**Your instructions**
Leave out every picture, then transcribe the rest of the listing exactly.

============================================================

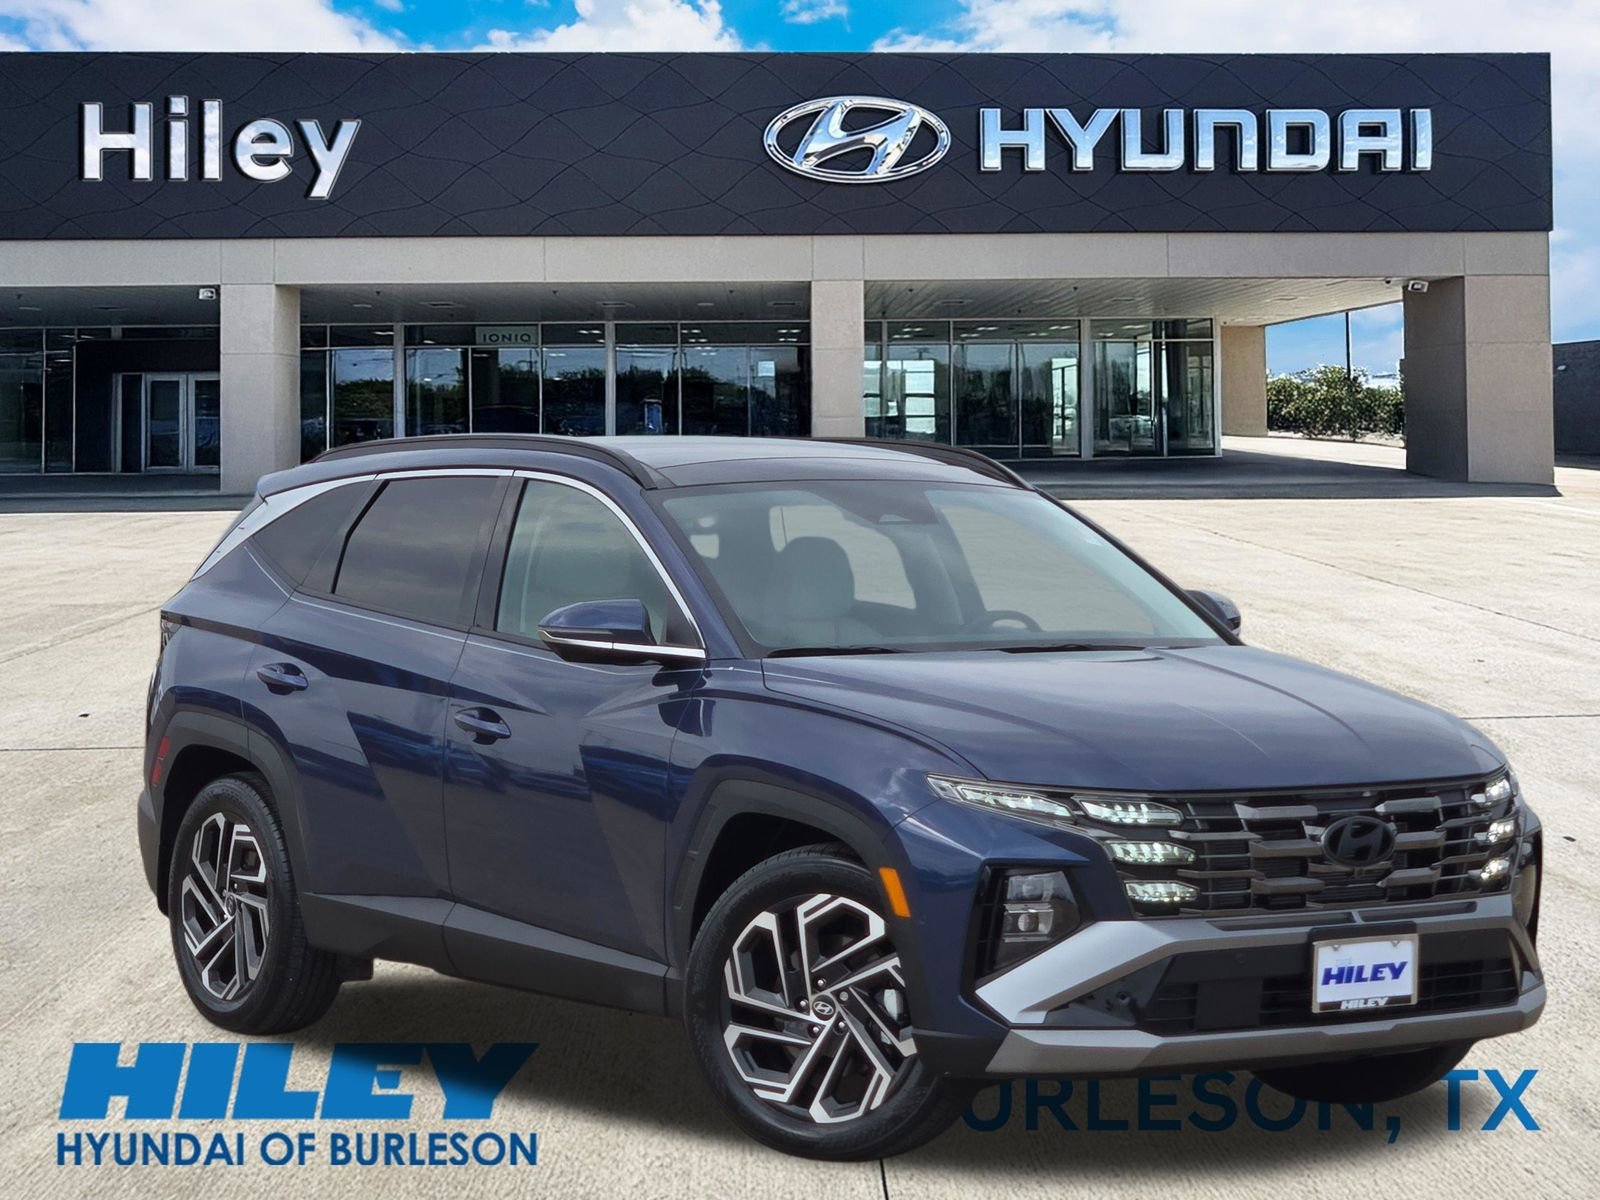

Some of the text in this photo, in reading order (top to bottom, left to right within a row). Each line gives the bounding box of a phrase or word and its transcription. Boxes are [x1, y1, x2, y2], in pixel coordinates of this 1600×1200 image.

[80, 95, 361, 200] Hiley
[979, 107, 1434, 173] HYUNDAI
[1321, 961, 1408, 985] HILEY
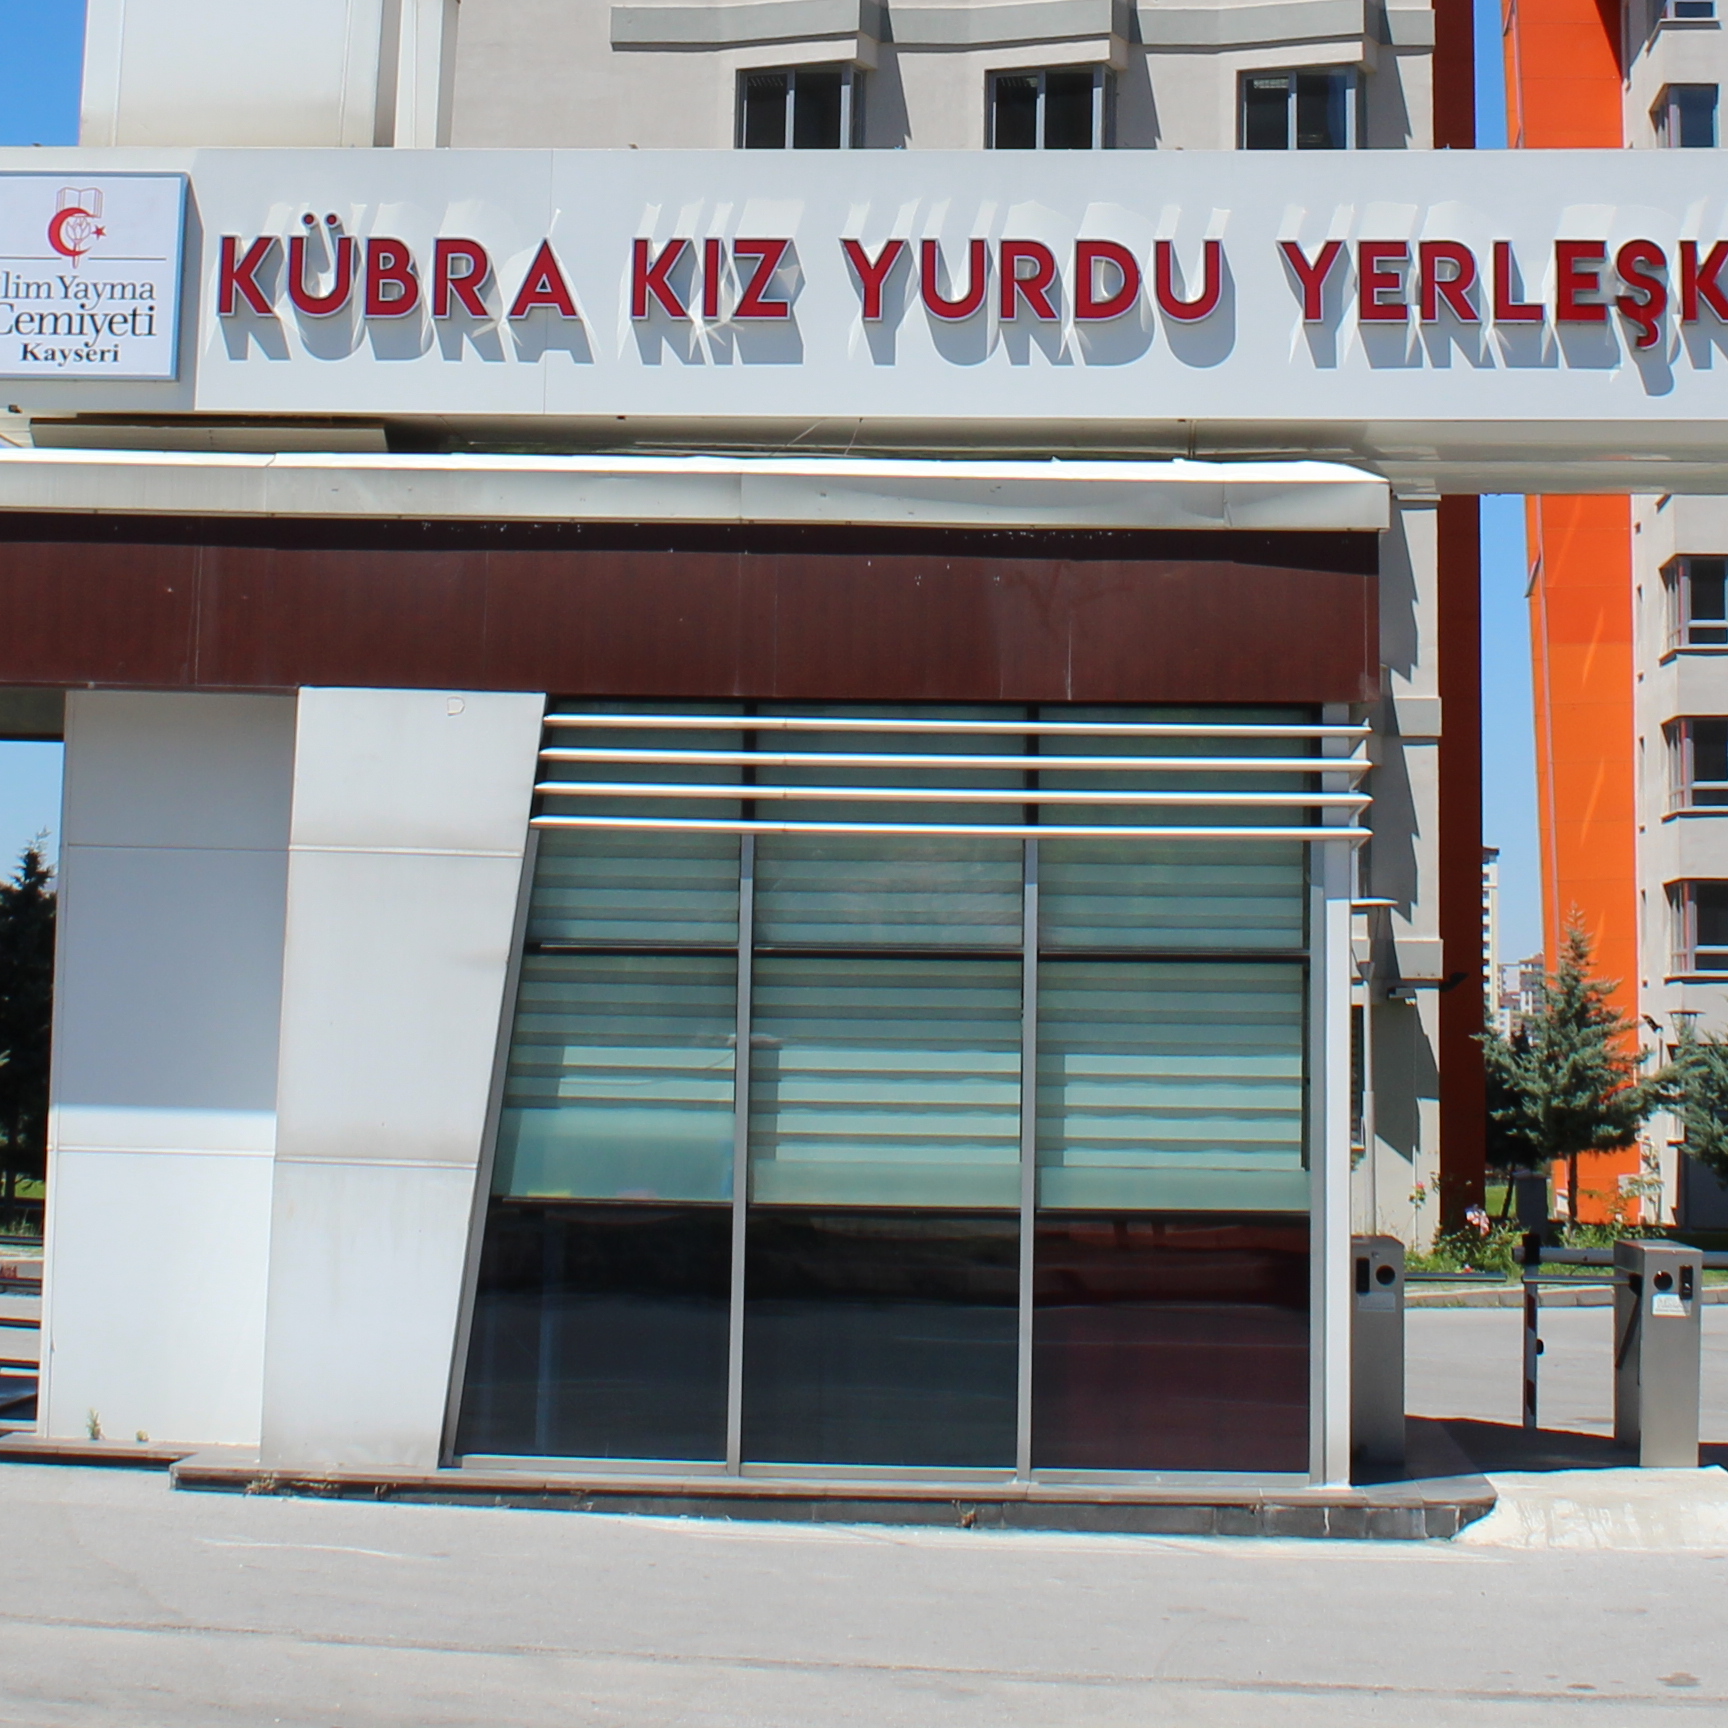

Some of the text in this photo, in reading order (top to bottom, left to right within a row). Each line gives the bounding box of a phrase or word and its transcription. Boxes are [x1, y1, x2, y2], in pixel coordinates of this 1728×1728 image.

[217, 211, 579, 320] KÜBRA
[630, 236, 792, 322] KIZ
[839, 236, 1222, 324] YURDU
[56, 274, 157, 311] Yayma
[19, 342, 120, 367] Kayseri
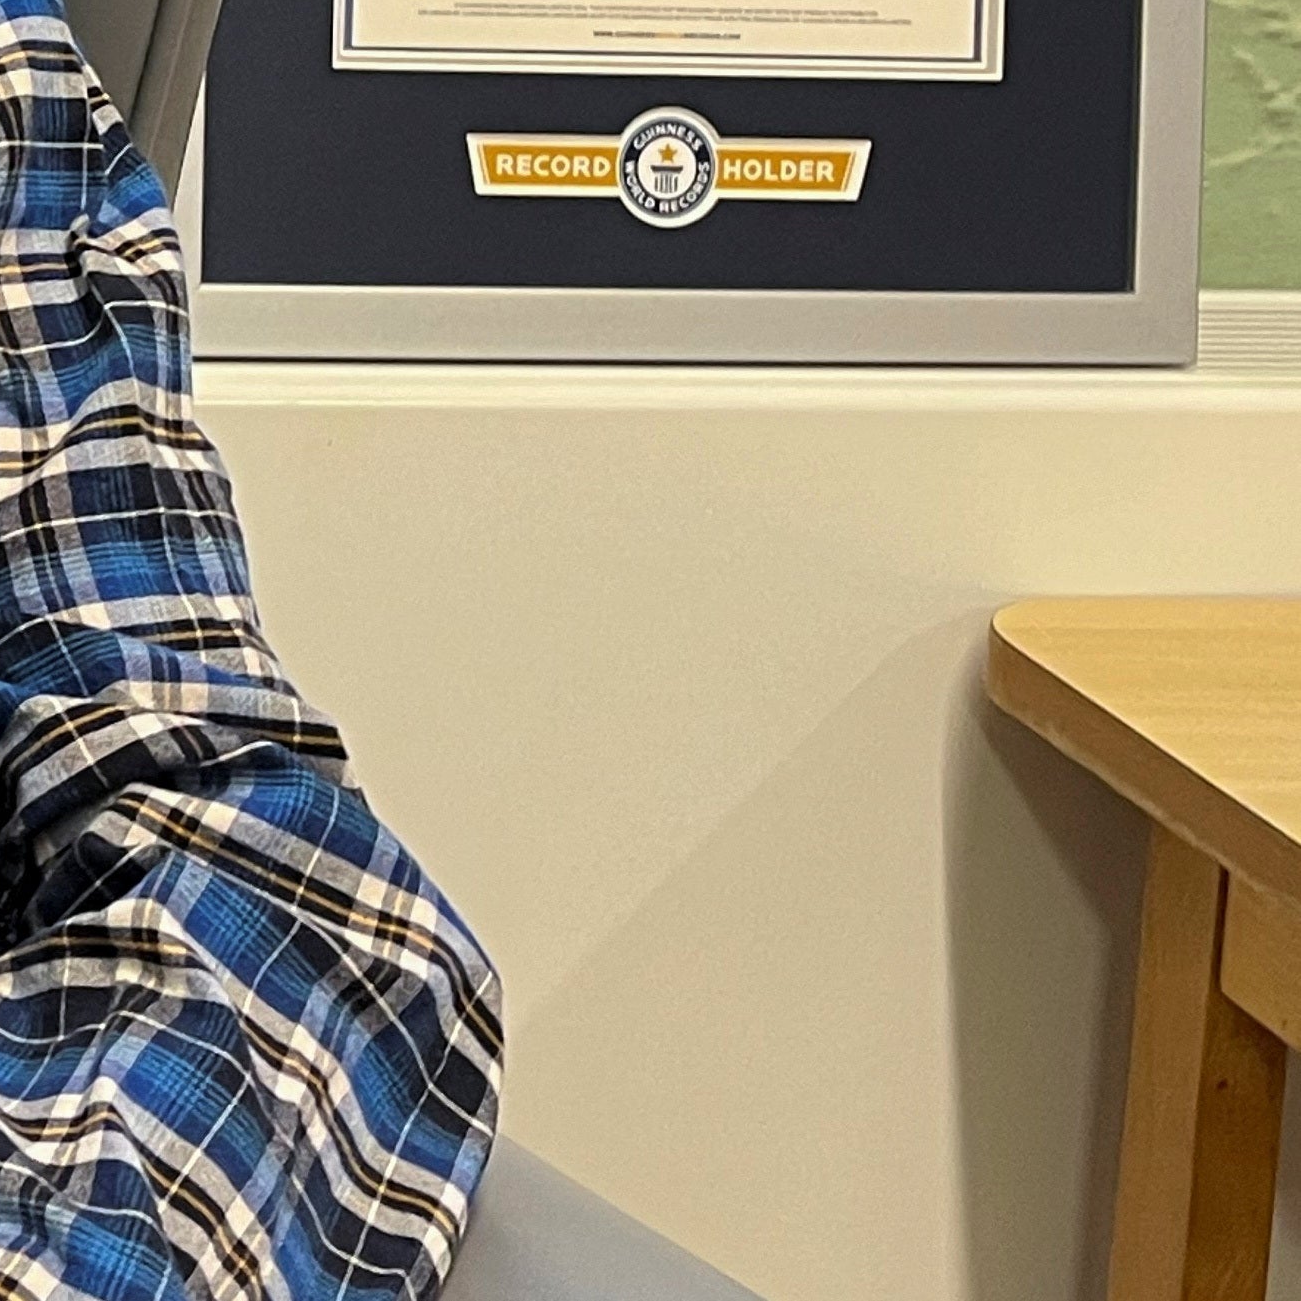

============================================================

**Answer box**
Some of the text in this photo, in reading order (top to bottom, left to right within a row). Each line gives the bounding box of a phrase or word and its transcription. Boxes are [x1, y1, x2, y2], in pixel coordinates of this 1600×1200 image.

[80, 95, 361, 200] Hiley
[979, 107, 1434, 173] HYUNDAI
[1321, 961, 1408, 985] HILEY

Some of the text in this photo, in reading order (top to bottom, left to right within a row). Each line gives the bounding box of a phrase or word and its transcription. Boxes are [x1, y1, x2, y2], in pixel coordinates of this 1728×1728 image.

[217, 211, 579, 320] KÜBRA
[630, 236, 792, 322] KIZ
[839, 236, 1222, 324] YURDU
[56, 274, 157, 311] Yayma
[19, 342, 120, 367] Kayseri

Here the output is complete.